* _EXERCISE PROMPT_: Print out each record below, unaltered and complete, without its images.

* _RAW DATA_:
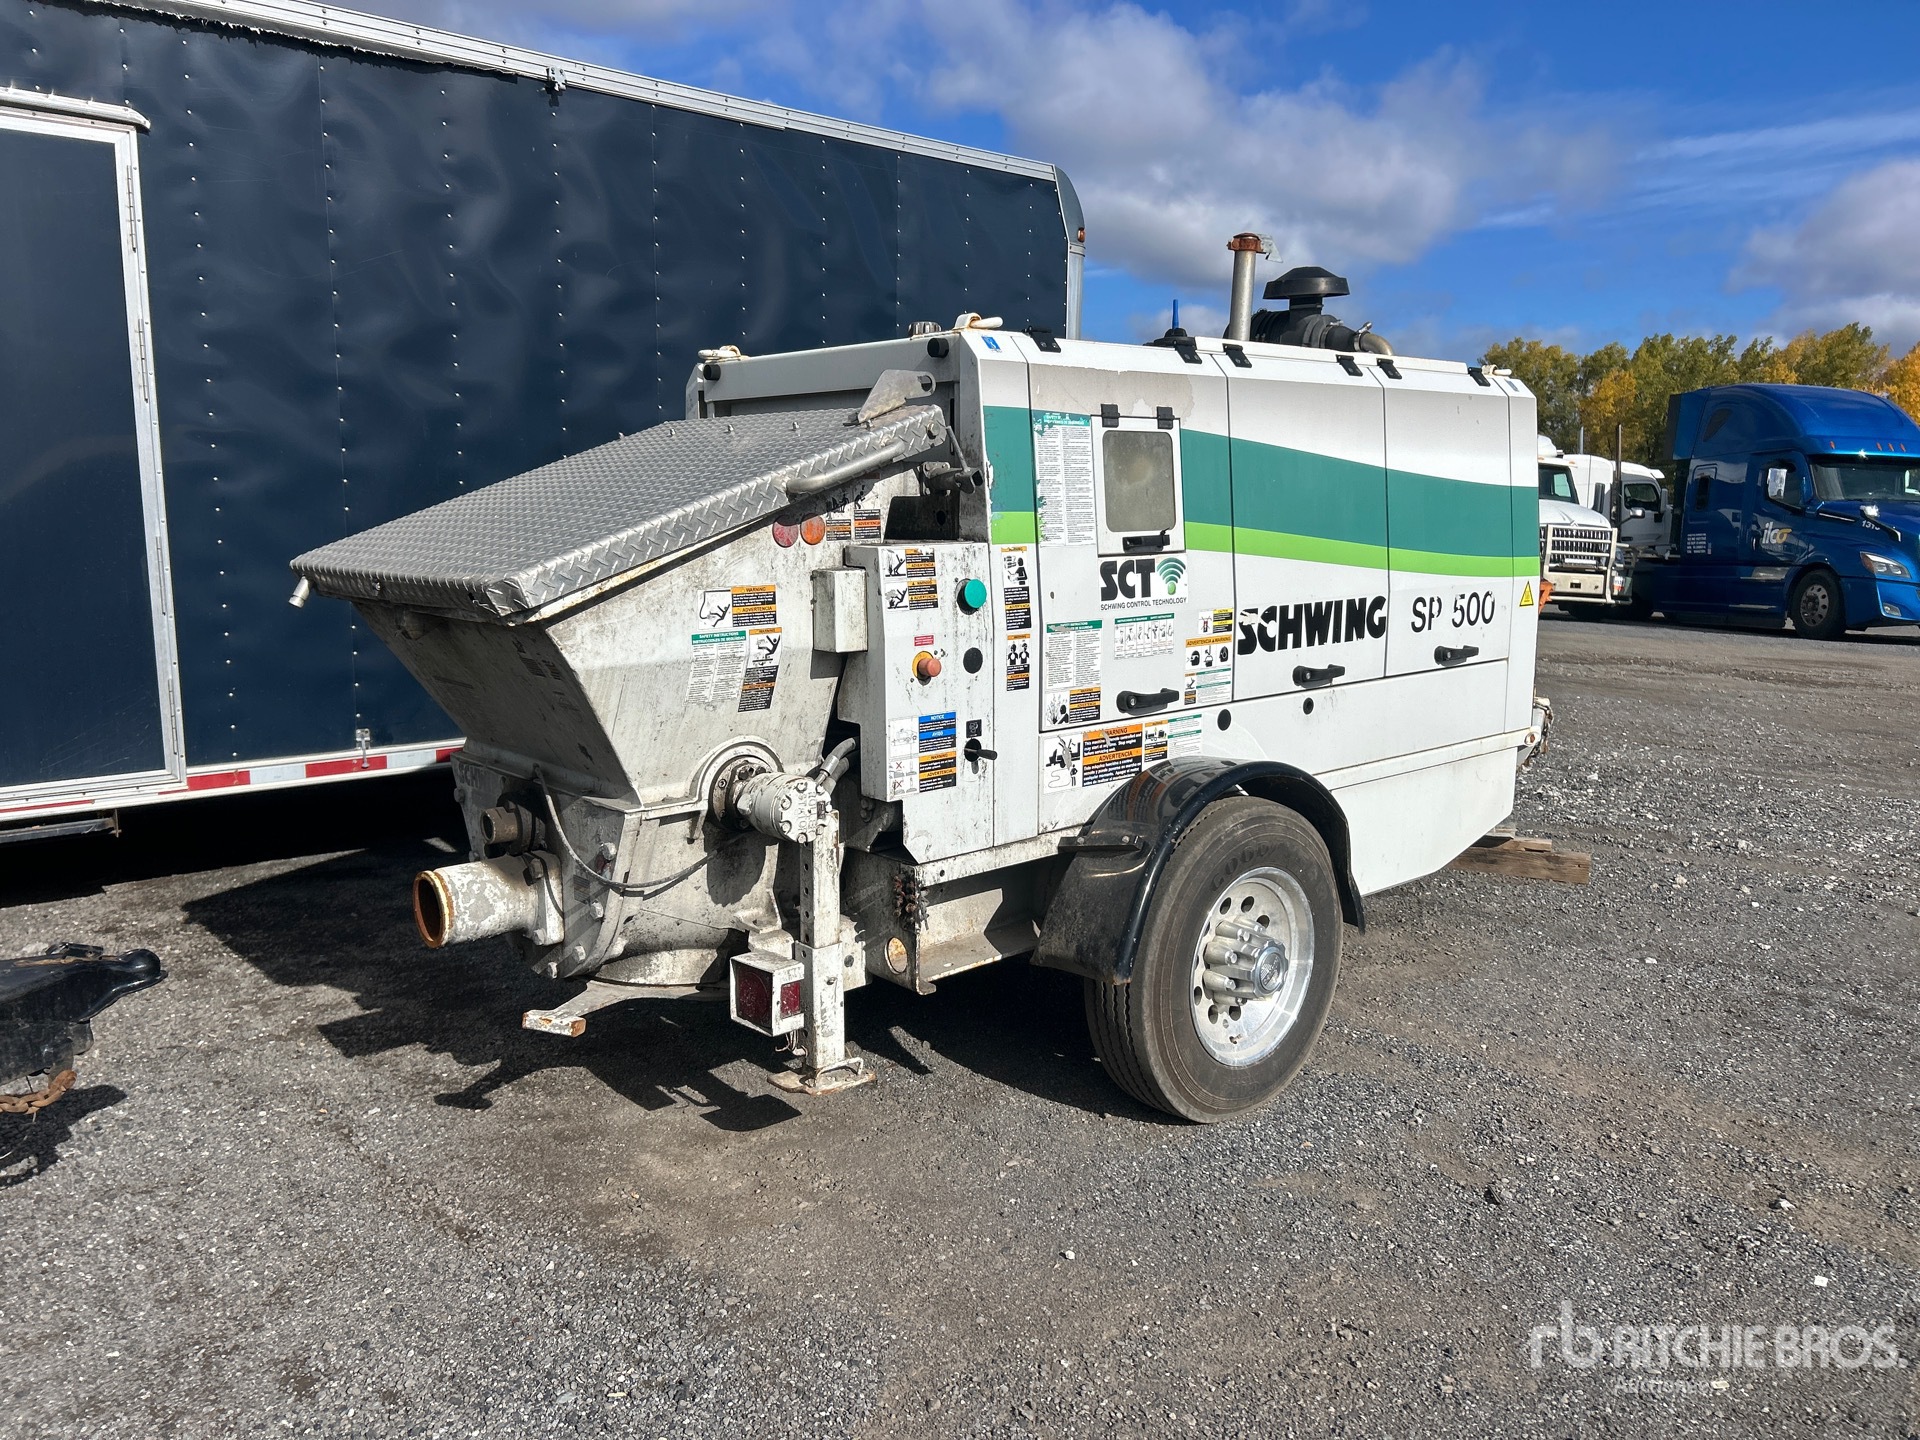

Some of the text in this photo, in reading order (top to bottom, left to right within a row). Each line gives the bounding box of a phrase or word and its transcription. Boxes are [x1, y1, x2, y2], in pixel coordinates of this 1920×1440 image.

[1100, 558, 1156, 602] SCT
[1100, 597, 1187, 610] SCHWING CONTROL TECHNOLOGY
[1411, 590, 1495, 632] SP 500
[1238, 596, 1386, 656] SCHWING
[1099, 752, 1133, 761] ADVERTENCIA

* _EXERCISE RESULT_:
Some of the text in this photo, in reading order (top to bottom, left to right within a row). Each line gives the bounding box of a phrase or word and its transcription. Boxes are [x1, y1, x2, y2], in pixel coordinates of this 1920×1440 image.

[1100, 558, 1156, 602] SCT
[1100, 597, 1187, 610] SCHWING CONTROL TECHNOLOGY
[1411, 590, 1495, 632] SP 500
[1238, 596, 1386, 656] SCHWING
[1099, 752, 1133, 761] ADVERTENCIA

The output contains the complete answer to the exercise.